--- Work order ---
Word for word, repeat all the entries below, but without the pictures.

- - - - -

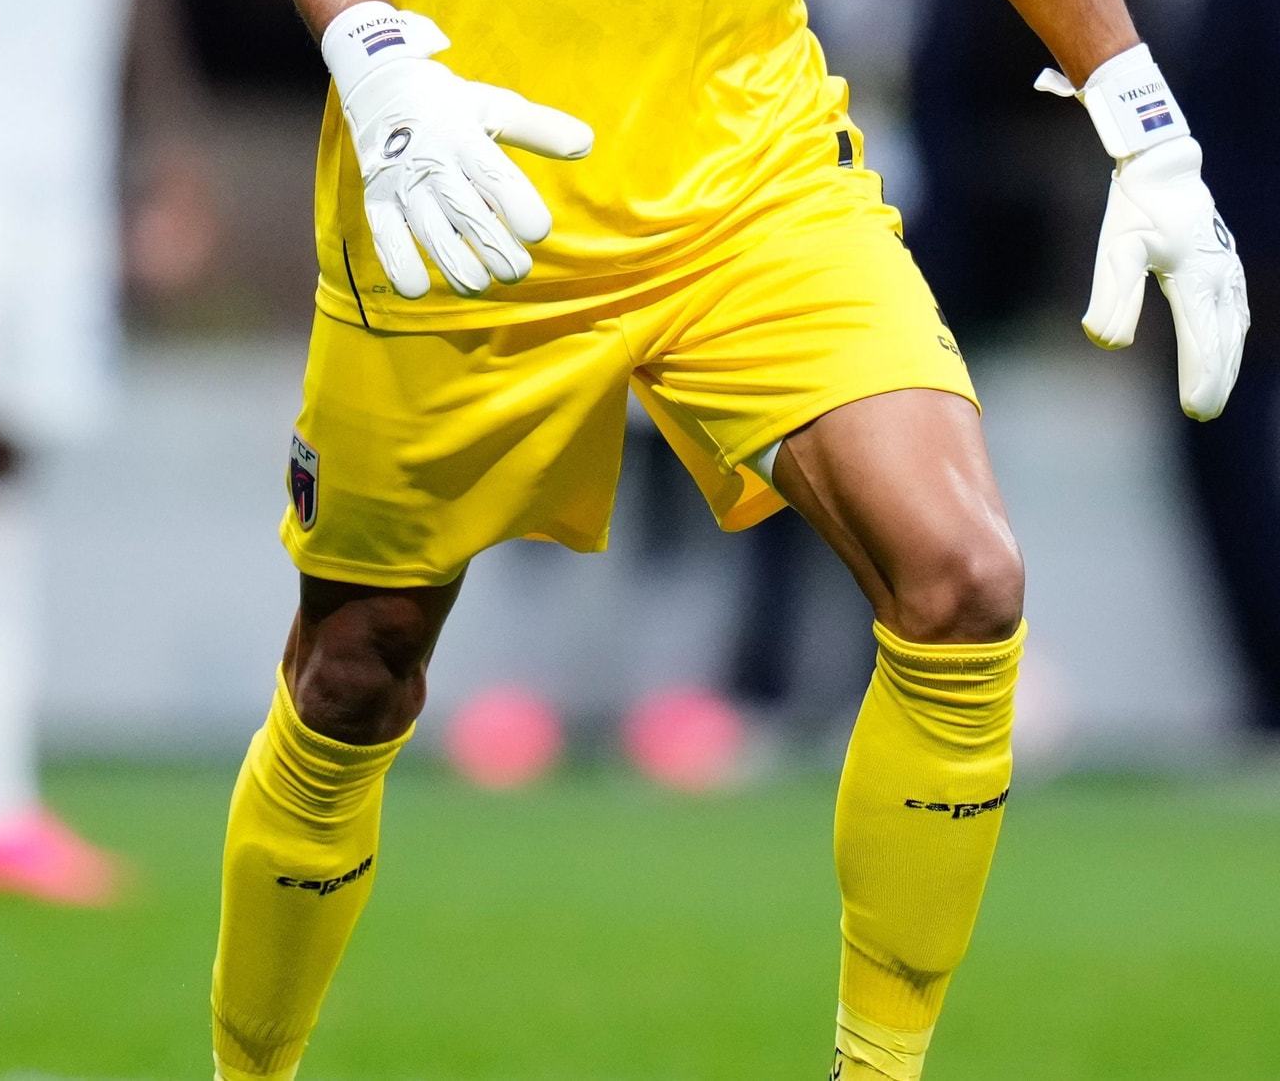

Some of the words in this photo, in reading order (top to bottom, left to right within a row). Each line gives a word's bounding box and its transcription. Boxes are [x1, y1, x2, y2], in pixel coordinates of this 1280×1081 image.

[347, 17, 408, 39] VOZINHA
[292, 435, 315, 462] FCF
[904, 787, 1010, 819] capell
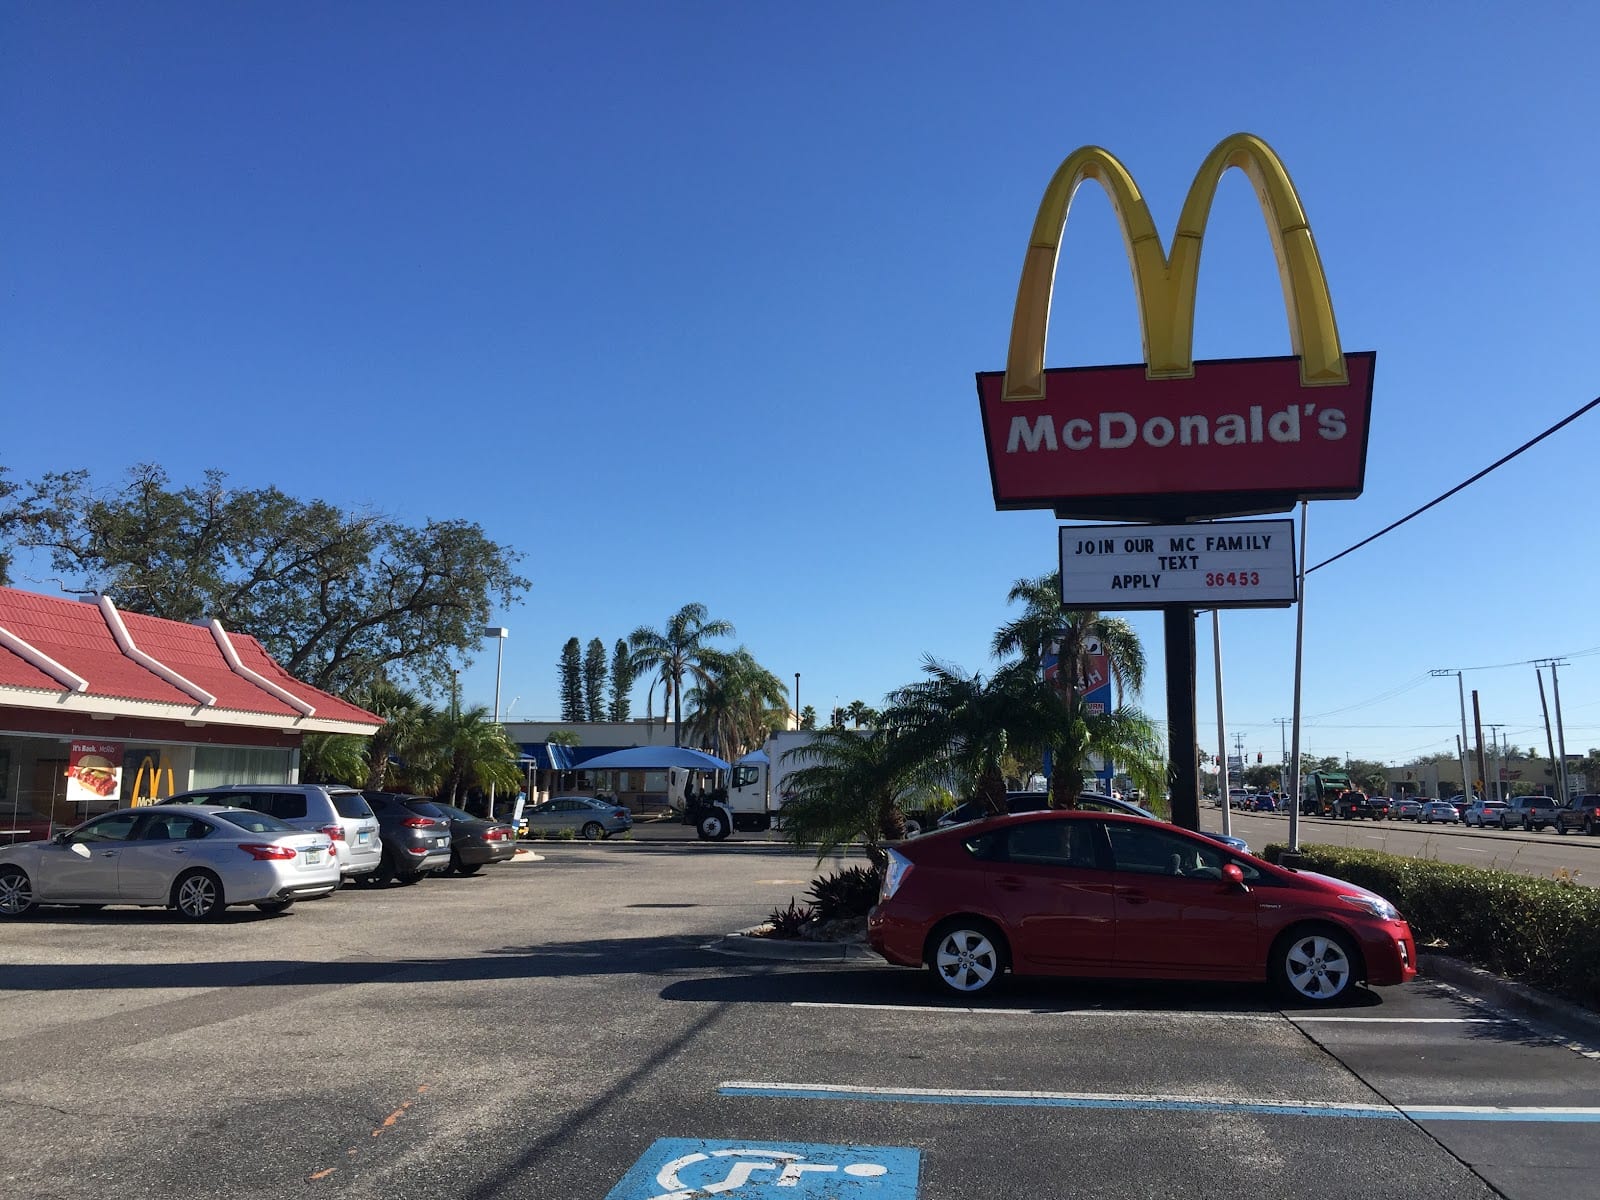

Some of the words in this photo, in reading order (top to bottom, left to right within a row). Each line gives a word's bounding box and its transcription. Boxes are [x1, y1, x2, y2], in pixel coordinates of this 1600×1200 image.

[1006, 403, 1348, 453] McDonald's
[1075, 538, 1114, 555] JOIN
[1124, 537, 1154, 553] OUR
[1170, 537, 1196, 552] MC
[1206, 535, 1272, 551] FAMILY
[1158, 555, 1199, 570] TEXT
[1112, 574, 1161, 589] APPLY
[1205, 571, 1260, 587] 36453
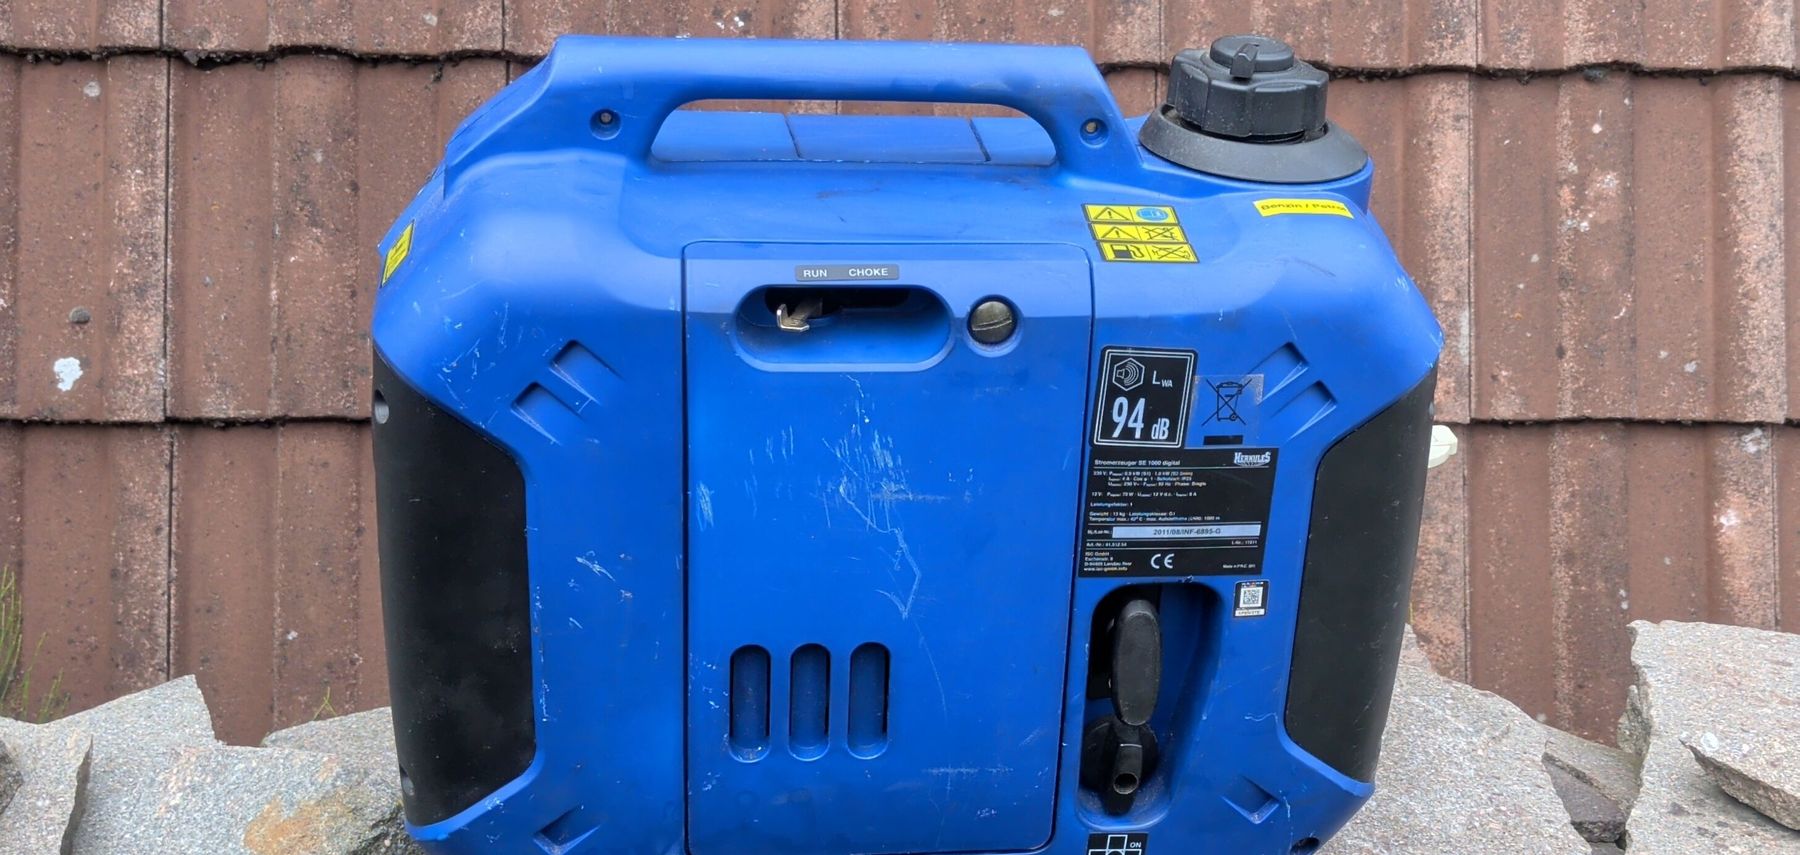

- - - - -

--- Exercise result ---
Some of the words in this photo, in reading order (top to bottom, left to right within a row). Each line gives a word's bounding box and its transcription. Boxes are [x1, y1, x2, y2], in pixel coordinates of this 1280×1081 image.

[347, 17, 408, 39] VOZINHA
[292, 435, 315, 462] FCF
[904, 787, 1010, 819] capell

Some of the words in this photo, in reading order (top to bottom, left to right within a row). Each line gives a word's bounding box and its transcription. Boxes are [x1, y1, x2, y2], in pixel coordinates of this 1600×1200 image.

[1006, 403, 1348, 453] McDonald's
[1075, 538, 1114, 555] JOIN
[1124, 537, 1154, 553] OUR
[1170, 537, 1196, 552] MC
[1206, 535, 1272, 551] FAMILY
[1158, 555, 1199, 570] TEXT
[1112, 574, 1161, 589] APPLY
[1205, 571, 1260, 587] 36453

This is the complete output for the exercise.